> Directions for this task
In the copy, keep every line below as it is and leave out the pictures.

--- Material supplied ---

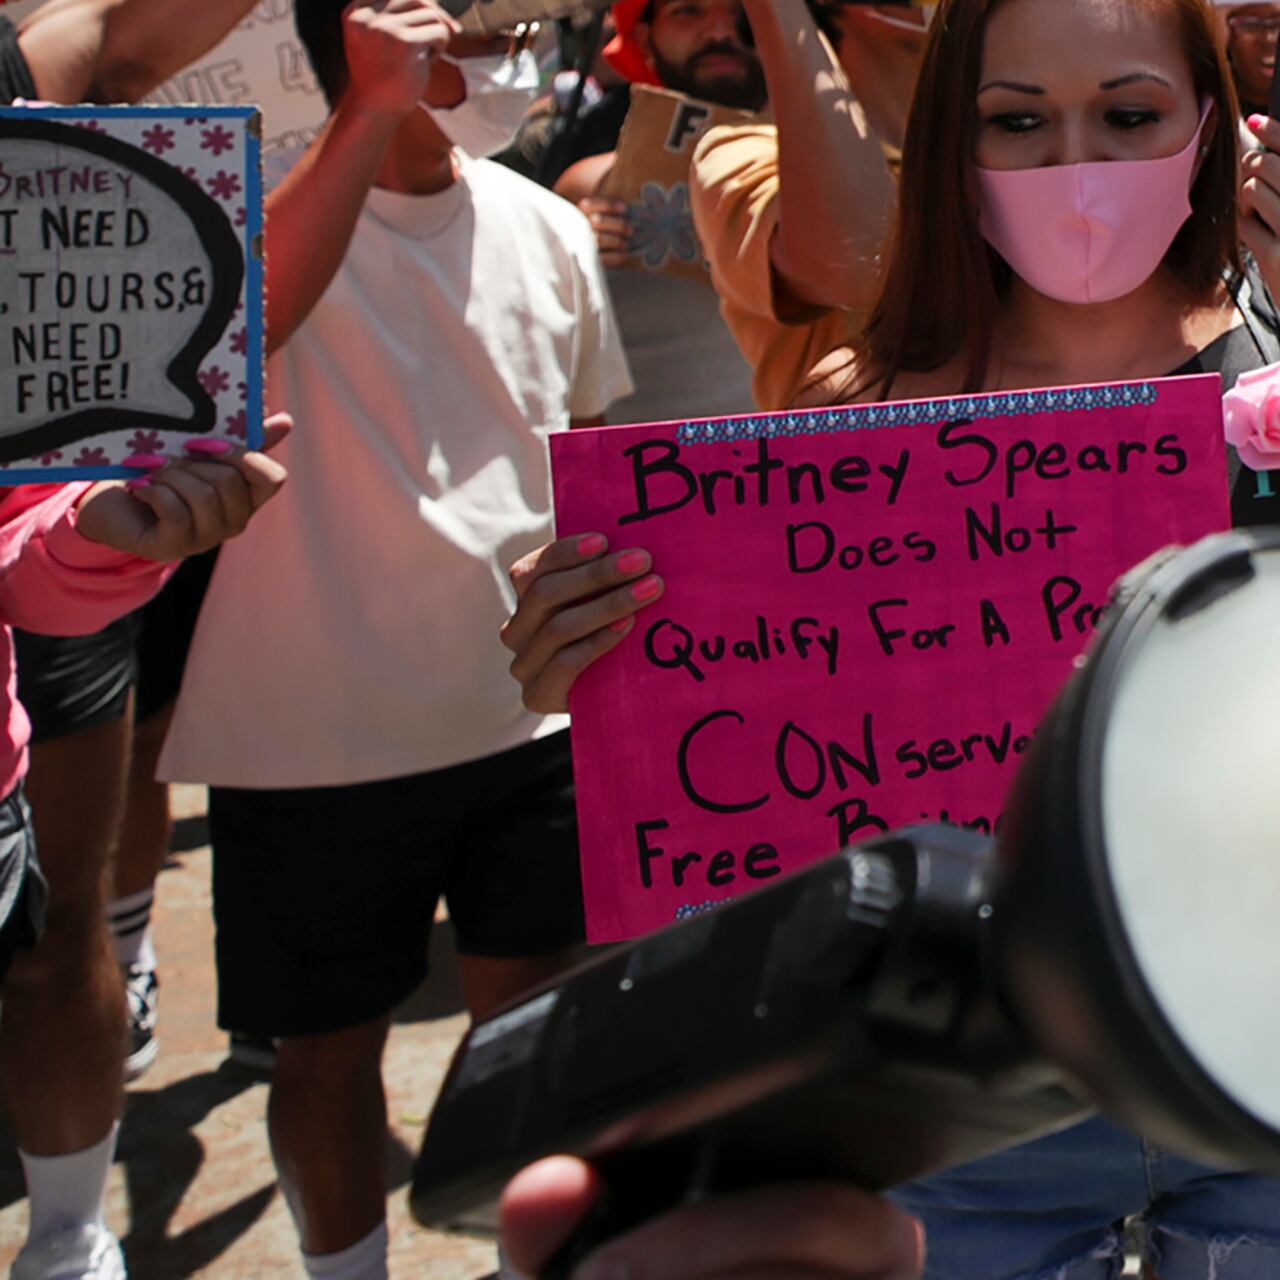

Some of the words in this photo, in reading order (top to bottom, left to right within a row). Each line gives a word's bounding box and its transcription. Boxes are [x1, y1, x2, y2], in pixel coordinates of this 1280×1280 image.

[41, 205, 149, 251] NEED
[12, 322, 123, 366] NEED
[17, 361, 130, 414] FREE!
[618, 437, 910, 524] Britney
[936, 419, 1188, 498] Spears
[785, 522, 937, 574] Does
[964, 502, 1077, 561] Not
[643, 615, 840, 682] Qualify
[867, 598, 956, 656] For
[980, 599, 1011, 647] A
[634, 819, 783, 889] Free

---

> Task result
Some of the words in this photo, in reading order (top to bottom, left to right within a row). Each line gives a word's bounding box and its transcription. Boxes are [x1, y1, x2, y2], in pixel coordinates of this 1280×1280 image.

[41, 205, 149, 251] NEED
[12, 322, 123, 366] NEED
[17, 361, 130, 414] FREE!
[618, 437, 910, 524] Britney
[936, 419, 1188, 498] Spears
[785, 522, 937, 574] Does
[964, 502, 1077, 561] Not
[643, 615, 840, 682] Qualify
[867, 598, 956, 656] For
[980, 599, 1011, 647] A
[634, 819, 783, 889] Free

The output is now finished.